Эмилиян Станев - Тихим вечером
Паренек-сапожник уже держал лошаденку под уздцы, толстый полицейский, сумрачный и злой, махал рукой, указывая Антону на ведро и воронку. Карие глаза парня потемнели от тревоги, утеряли свой жизнерадостный блеск. На лице были смятение и страх.
— Эй, Монка, — окликнул его полицейский, проходивший в этот момент мимо. — Видал того, под навесом? Протянул ноги! И тебя сволочём туда же. Тебе б, дурню, сапоги латать, а ты запрещенные книжки читаешь! — Он больно дернул паренька за волосы. Тот покачнулся.
— Трогай! Чего смотришь? — прикрикнул толстый полицейский.
Антон взял вожжи, и телега покатилась со двора.

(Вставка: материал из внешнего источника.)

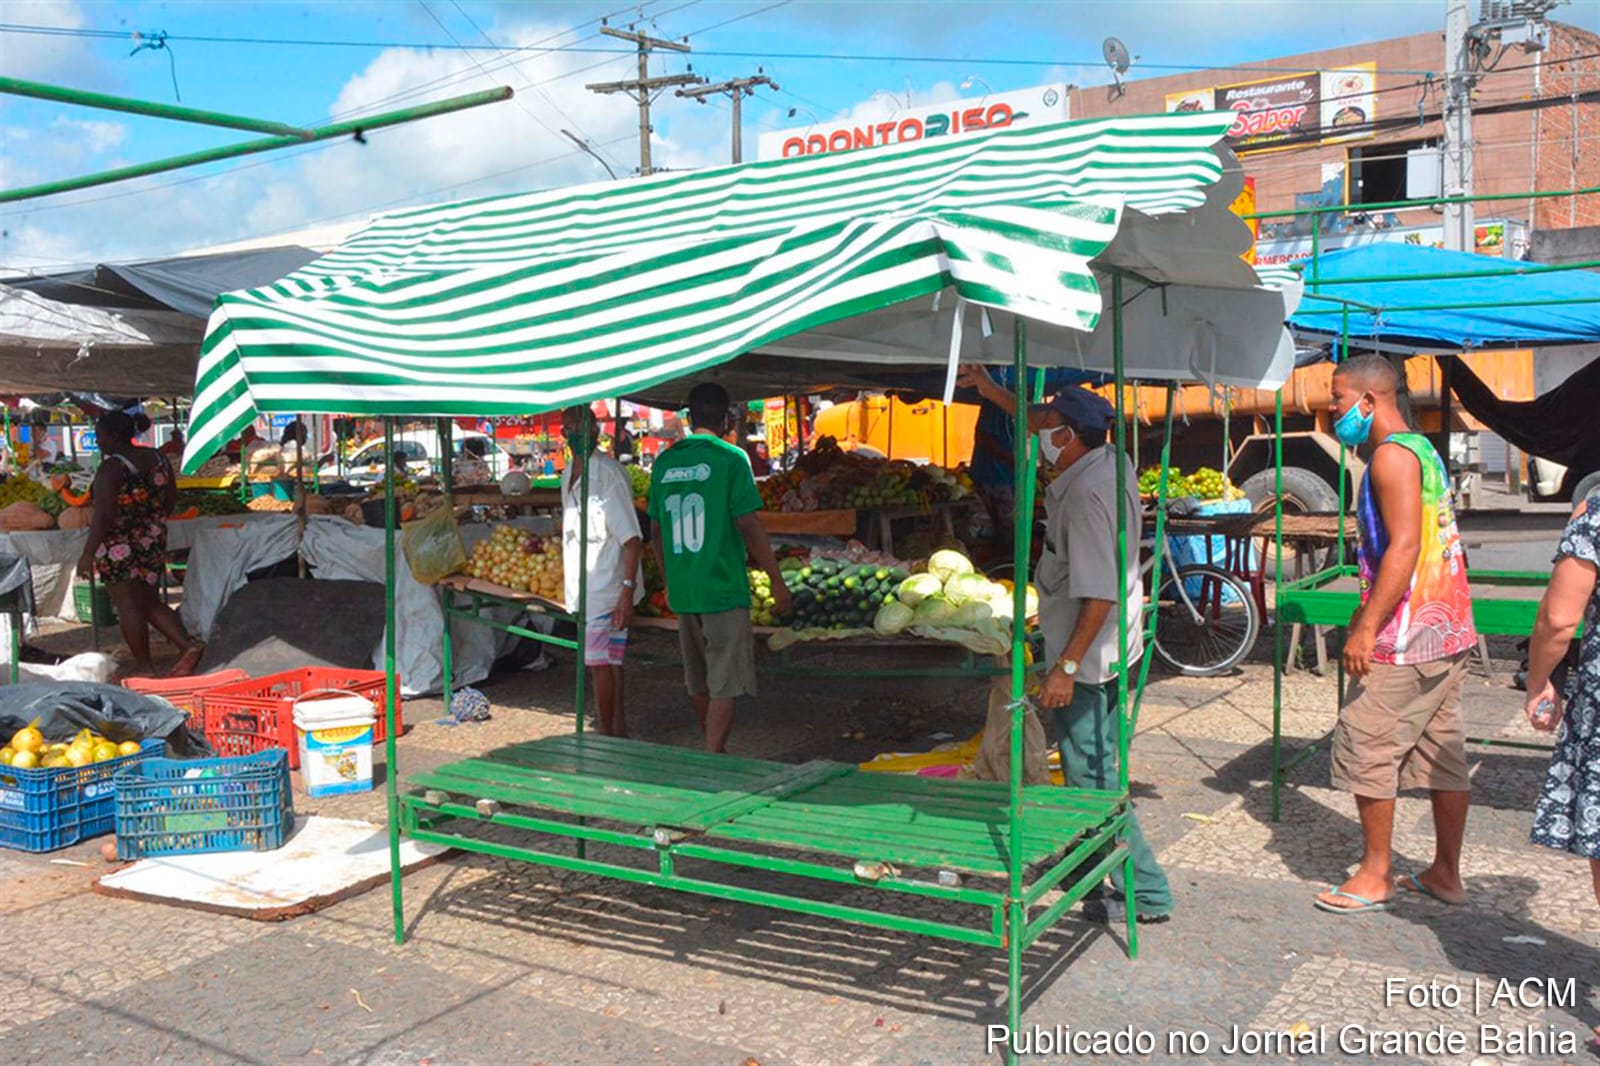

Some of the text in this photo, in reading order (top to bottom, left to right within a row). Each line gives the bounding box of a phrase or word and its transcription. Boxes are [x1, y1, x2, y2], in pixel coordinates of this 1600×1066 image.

[1226, 81, 1306, 101] Restaurante
[782, 103, 1016, 158] ODONTORISO
[1227, 100, 1307, 137] Sabor
[664, 492, 705, 554] 10

Ведро и воронку нес паренек.
Они выехали на ту же самую узкую извилистую улочку, сразу наполнившуюся громыханием пустого бочонка. Лошадка норовила перейти на рысь, но Антон с такой силой натягивал повод, что она чуть ли не подымалась на дыбы. Он чувствовал, как напрягаются мускулы и как зреет в душе отчаянная решимость. Лицо убитого стояло перед глазами, переполняя сердце болью и гневом.

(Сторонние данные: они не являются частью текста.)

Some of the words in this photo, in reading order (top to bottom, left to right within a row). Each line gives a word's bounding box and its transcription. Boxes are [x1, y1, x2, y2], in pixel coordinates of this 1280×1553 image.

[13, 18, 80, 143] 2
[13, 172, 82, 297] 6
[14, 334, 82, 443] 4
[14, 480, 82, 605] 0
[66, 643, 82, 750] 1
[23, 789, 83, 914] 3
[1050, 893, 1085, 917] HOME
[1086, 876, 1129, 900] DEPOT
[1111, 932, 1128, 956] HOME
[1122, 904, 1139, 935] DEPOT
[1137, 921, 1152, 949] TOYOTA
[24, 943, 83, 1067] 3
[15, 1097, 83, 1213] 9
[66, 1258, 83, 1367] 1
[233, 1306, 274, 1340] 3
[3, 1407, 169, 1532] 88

Он шел быстро, не оглядываясь, опустив голову, в каком-то странном состоянии, не видя и не слыша ничего вокруг, точно вдруг оглохнув от грохота бочонка и стука колес. Когда улочка осталась позади, он отпустил повод, и лошаденка затрусила быстрее. Он оглянулся на конвойного. Кобура револьвера застегнута. В левой руке — короткий прут.
«Минимум три секунды, чтобы выхватить револьвер, и еще одна, чтобы снять с предохранителя», — подсчитал Антон. Он ненавидел этого человека, как саму смерть.

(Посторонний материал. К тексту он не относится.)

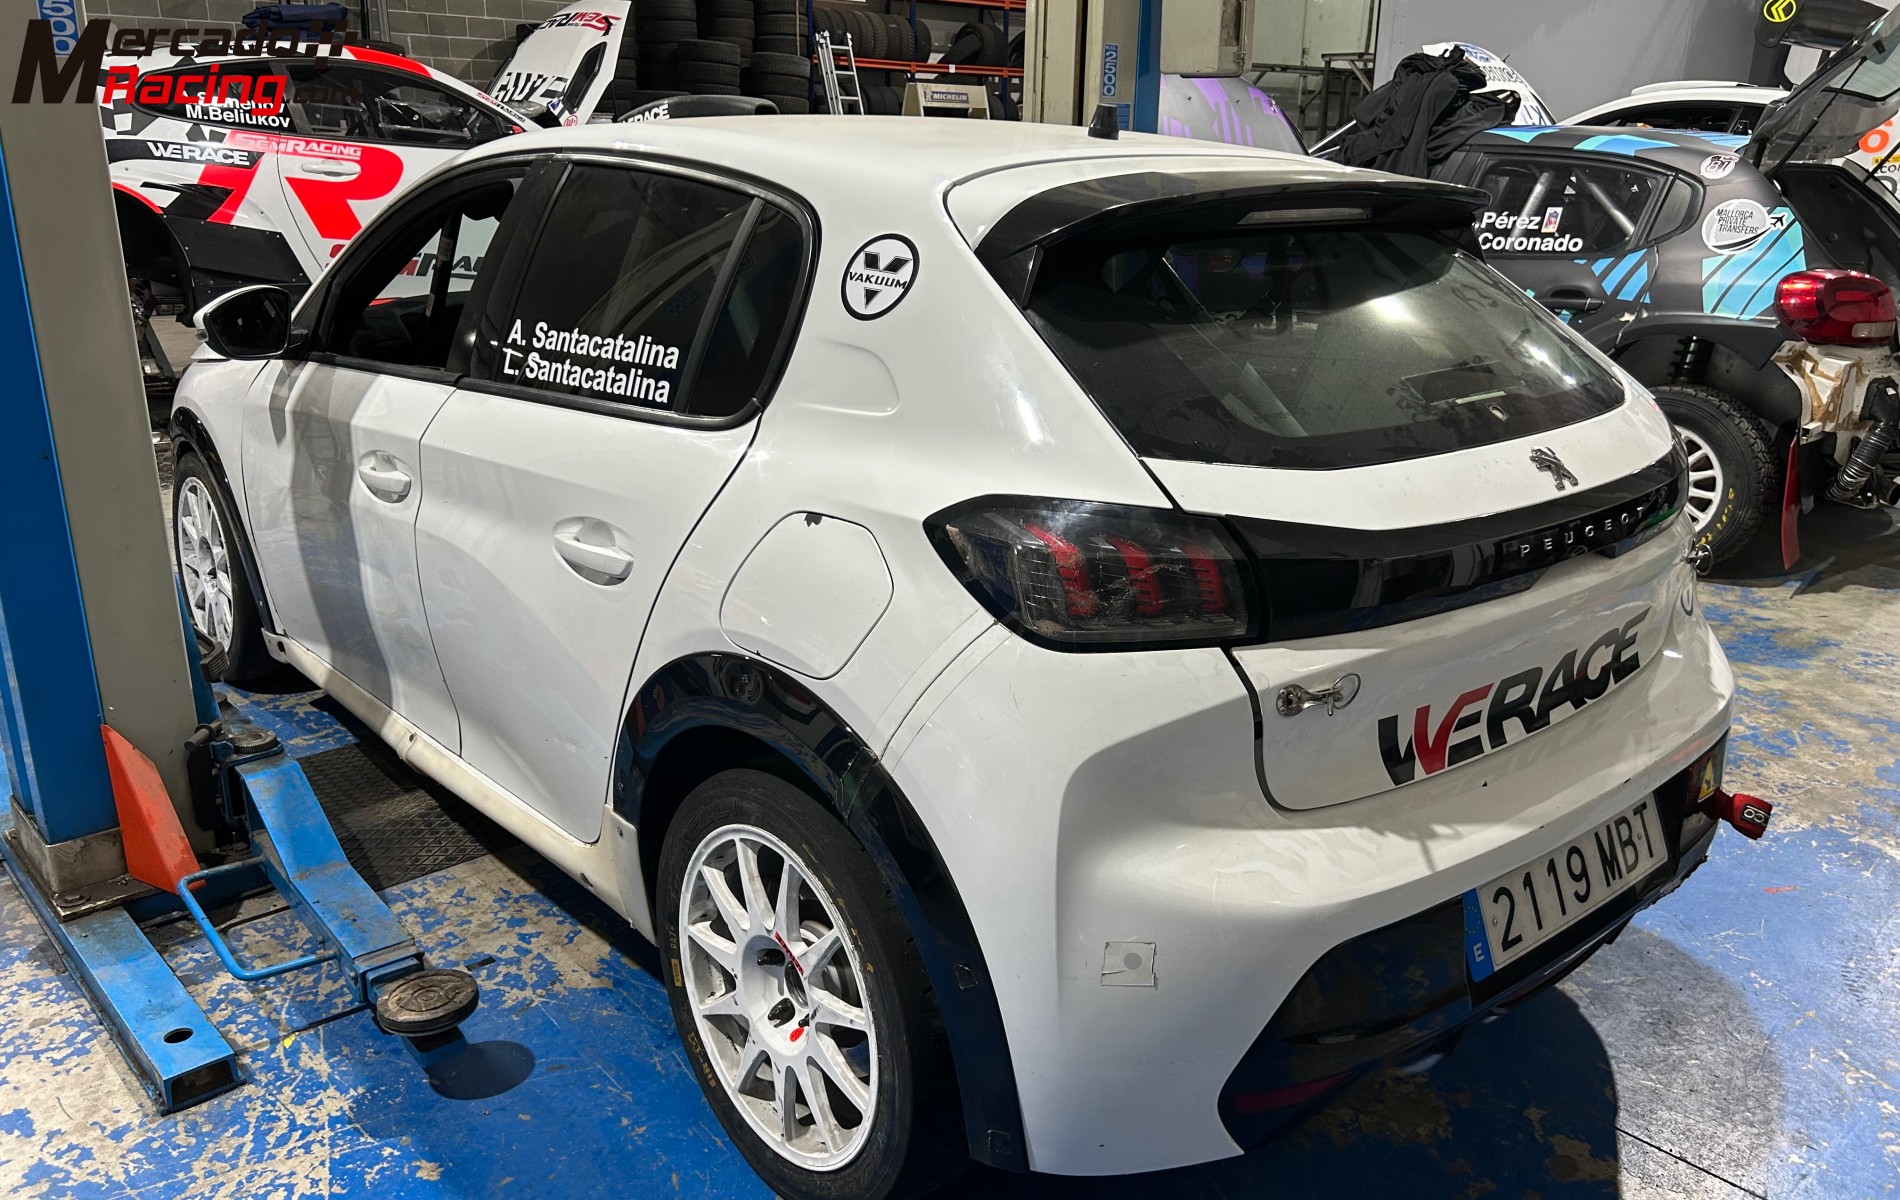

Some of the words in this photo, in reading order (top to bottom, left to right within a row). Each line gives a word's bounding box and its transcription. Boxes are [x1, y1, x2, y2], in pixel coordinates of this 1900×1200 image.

[1103, 50, 1117, 96] 2500
[932, 93, 968, 101] MICHELIN
[186, 103, 290, 128] M.Beliukov
[147, 141, 250, 166] WERACE
[1716, 208, 1753, 219] MALLORCA
[1718, 216, 1747, 226] PRIVATE
[1719, 223, 1759, 234] TRANSFERS
[1478, 232, 1583, 252] Coronado
[849, 271, 908, 289] VAKUUM
[507, 318, 526, 346] A.
[532, 321, 680, 369] Santacatalina
[525, 351, 671, 404] Santacatalina
[1519, 506, 1645, 558] PEUGEOT
[1377, 606, 1651, 787] WERACE
[1492, 845, 1591, 953] 2119
[1593, 801, 1655, 889] MBT
[1473, 941, 1485, 963] E

Подняв голову, он увидел впереди горы. Синевато- зеленые, окутанные маревом, они возвышались стеной, широко раскинувшейся в стороны. Сердце зашлось от нестерпимо жгучего желания оказаться наконец в этой похожей на море синеве. Там его товарищи. Он мысленно посылал им свой привет. Увидит ли он их снова, узнают ли они, о чем он думал в последние минуты жизни? Узнают ли, как дороги были они ему… как бесконечно он им верен…
Антон обернулся, чтобы встретиться глазами с пареньком-подмастерьем, тоже товарищем по борьбе. Подумать только, в бессильной своей злобе он мысленно взваливал на него вину за свой арест. Вот кому суждено быть пассивным свидетелем его гибели, если побег не удастся. Они обменялись одним из тех долгих взглядов, которые не забываются до конца дней.
А вот и чешма. Лошаденка наклонилась над корытом, и полицейский приказал отпустить поводья. Руки у Антона тряслись, ноздри раздувались, какие-то огненные вспышки слепили глаза. Исподтишка следил он за тем, где станет конвойный. Тот шел сзади, шагах в пяти-шести, и, если б сейчас броситься на него, он вряд ли успеет воспользоваться своим оружием.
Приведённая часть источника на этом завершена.